I have seen posts suggesting using db.Configuration.AutoDetectChangesEnabled = false
but when I do that the relationships do not get added. I can make that work by forcing DetectChanges()
but that seems to defeat the purpose as I will have to do it every iteration of the loop.
So, I moved the DB context inside the loop so it is recreated each time.

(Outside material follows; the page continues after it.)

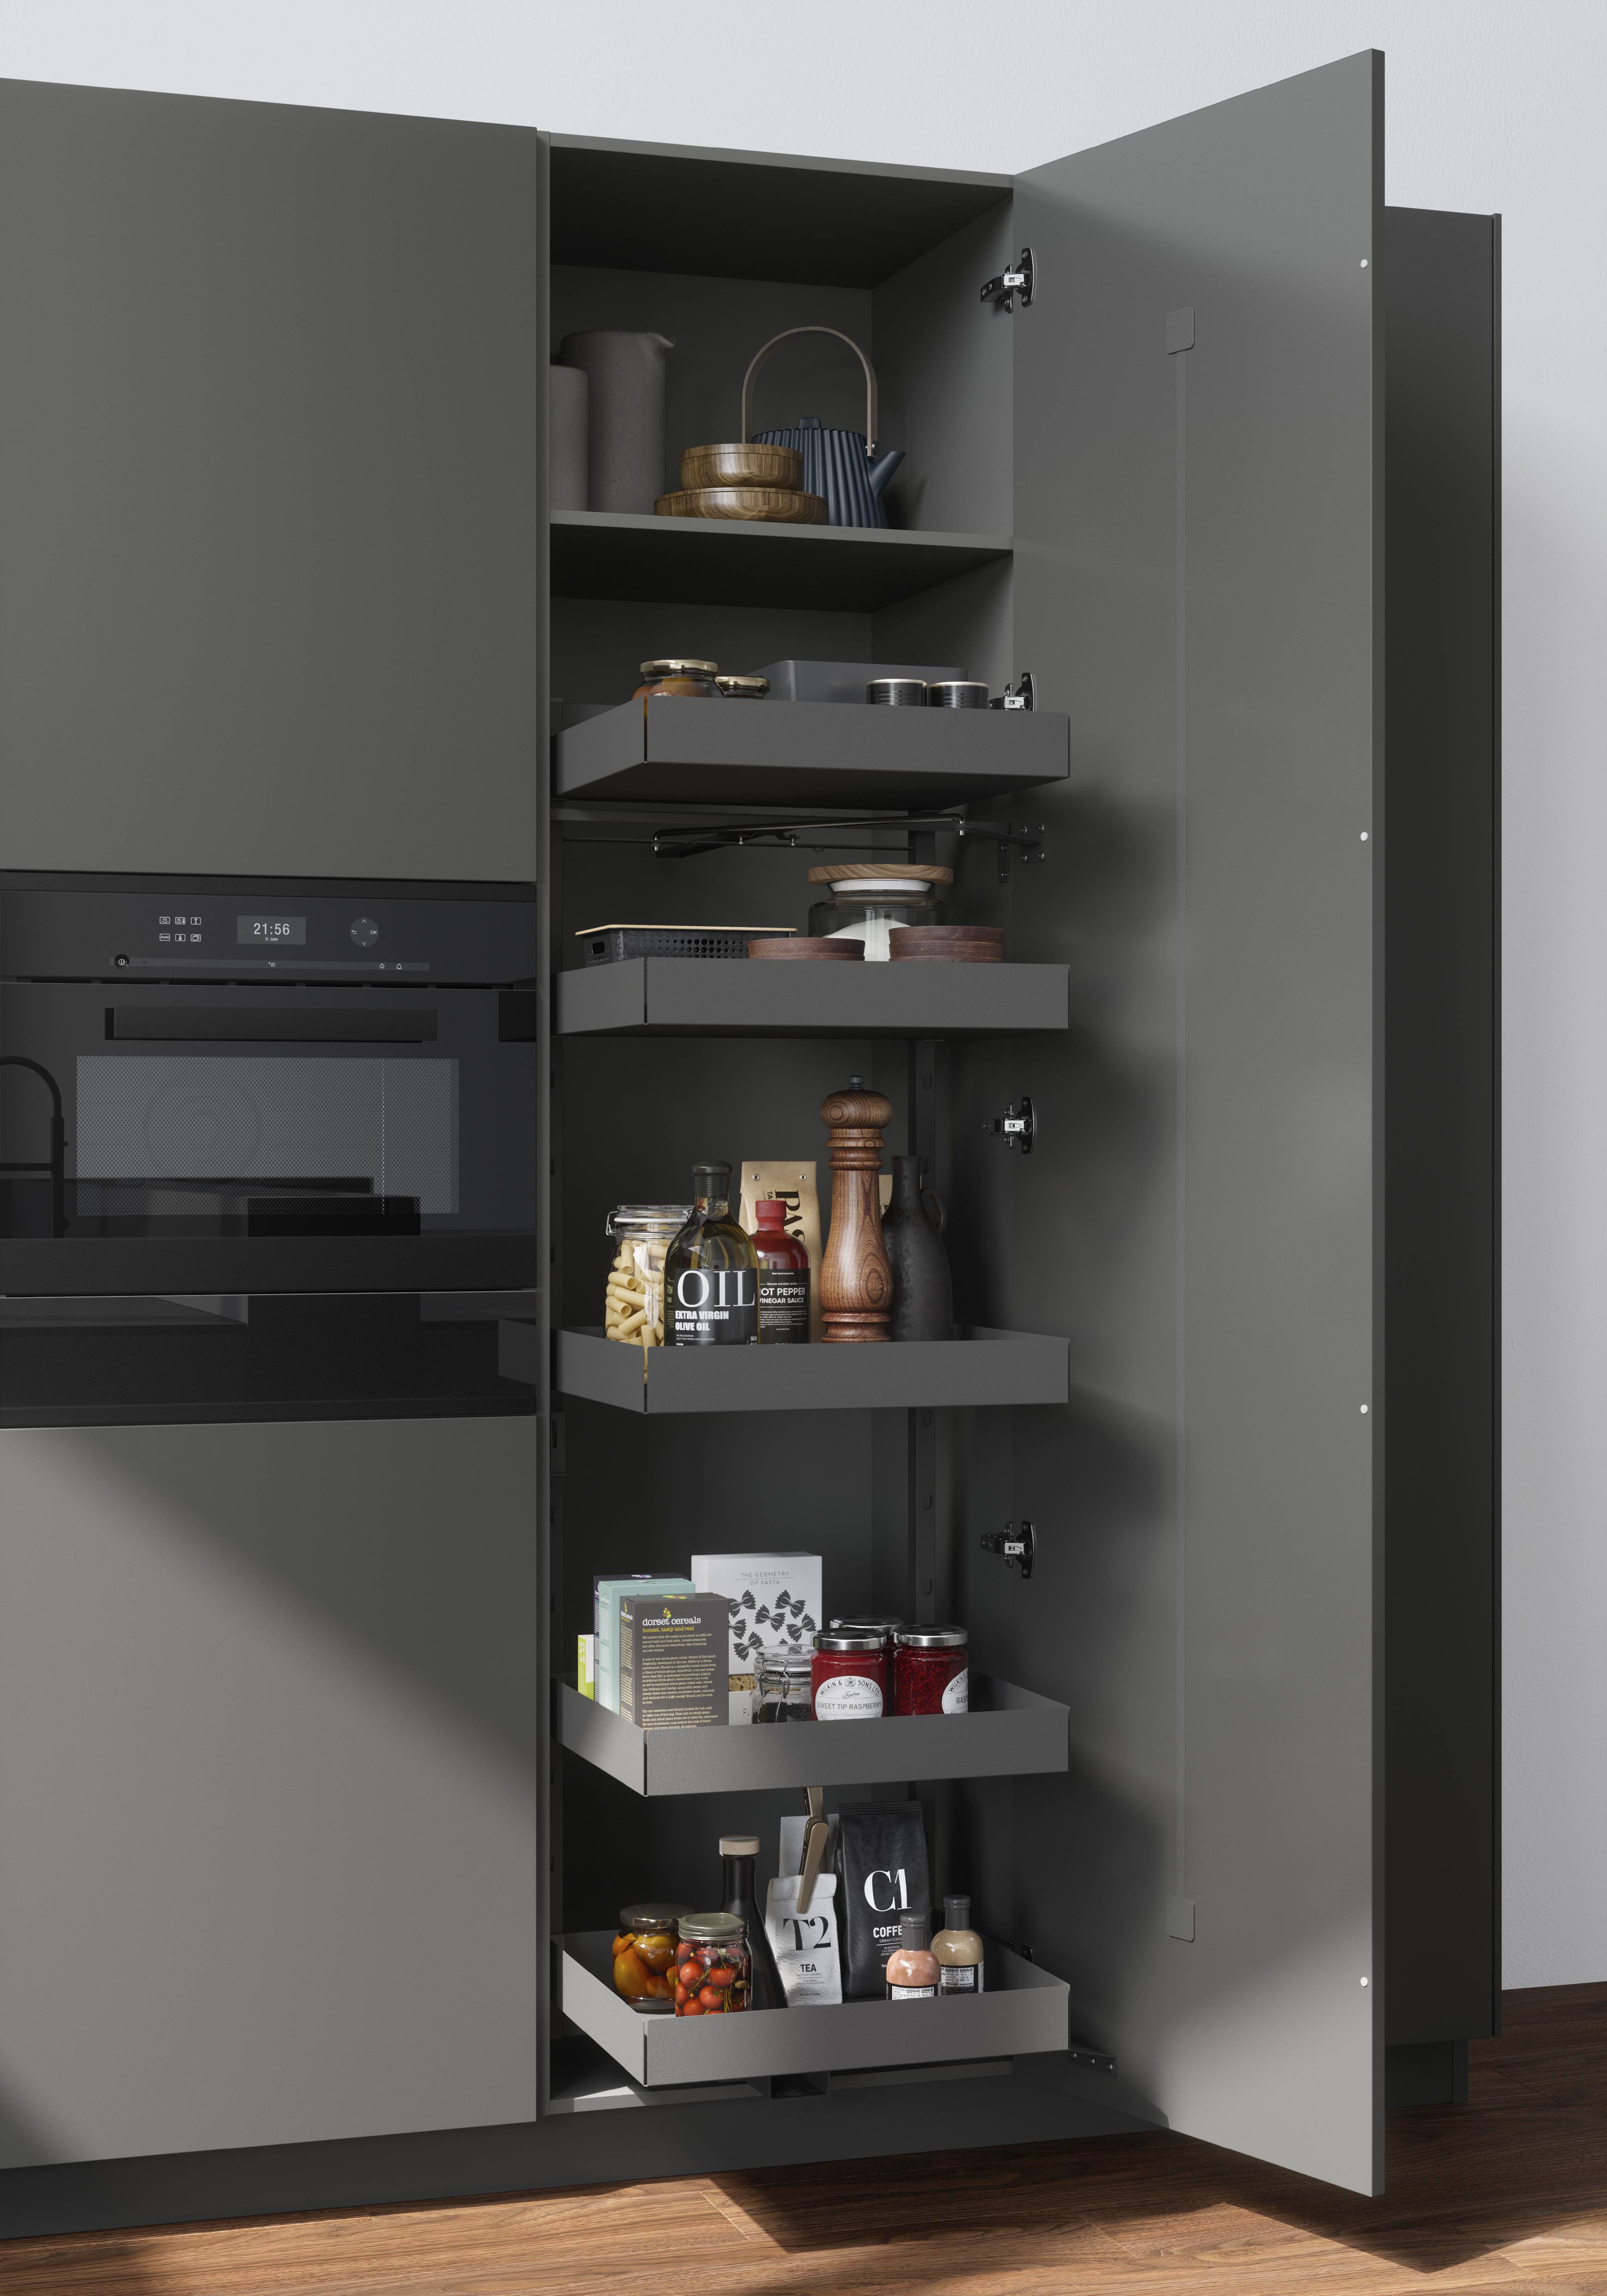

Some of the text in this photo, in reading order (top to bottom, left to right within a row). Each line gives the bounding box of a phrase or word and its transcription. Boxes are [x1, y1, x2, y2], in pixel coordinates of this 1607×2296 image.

Doing this means I can no longer have the detached list of books so I have to do an .Any()
and .Single()
call to the DB for each row (I don't know if that is a major performance issue but always try to hit the DB as infrequently as possible):
// Loop through big file to import each row
foreach(var item in bigFile)
{
// Create DB context each time
using(DbEntities db = new DbEntities())
{
Person person = new Person { FirstName = item.FirstName, LastName = item.LastName };
foreach(var book in item.Books)
{
if(!db.Books.Any(m => m.BookId = bookId))
{
// Add book to DB if doesn't exist
Book bookToAdd = new Book { BookId = bookId, Name = book.Name
db.Books.Add(bookToAdd);
}
person.Books.Add(db.Books.Single(m => m.BookId = bookId));
}
db.People.Add(person);
db.SaveChanges();
}
}
This speeds it up considerably but it still starts slows down after around 5,000-10,000 rows and I was wondering what my options are? ...other than just doing it all with stored procedures!
Upvotes: 2
Views: 2123
Reputation: 205589
IMO both solutions are not good. The first is loading the whole existing Books
table in memory (and db context) and the second performs 2 db queries per person book - one with Any
and one with Single
.
Since my tests does not show performance issues with context change tracking, I would use a variation of the first approach with elements from second. Instead of loading the whole Books
table, I would use a local dictionary populated on demand, with single db query for each new book Id:
using (DbEntities db = new DbEntities())
{
// The local book dictionary
Dictionary<int, Book> books = new Dictionary<int, Book>();
// Loop through big file to import each row
foreach (var item in bigFile)
{
Person person = new Person { FirstName = item.FirstName, LastName = item.LastName };
foreach (var itemBook in item.Books)
{
Book book;
// Try get from local dictionary
if (!books.TryGetValue(itemBook.BookId, out book))
{
// Try get from db
book = db.Books.FirstOrDefault(e => e.BookId == itemBook.BookId);
if (book == null)
{
// Add book to DB if doesn't exist
book = new Book { BookId = itemBook.BookId, Name = itemBook.Name };
db.Books.Add(book);
}
// add to local dictionary
books.Add(book.BookId, book);
}
person.Books.Add(book);
}
db.People.Add(person);
}
db.SaveChanges();
}
Upvotes: 1
Reputation: 11337
db.Books.Any
I don't know if that is a major performance issue but always try to hit the DB as infrequently as possible
Yes, this is a major performance issue. For every book, you make a database round-trip which is quite inefficient.
Proposed Solution
(Yes, this is the same solution as your first example)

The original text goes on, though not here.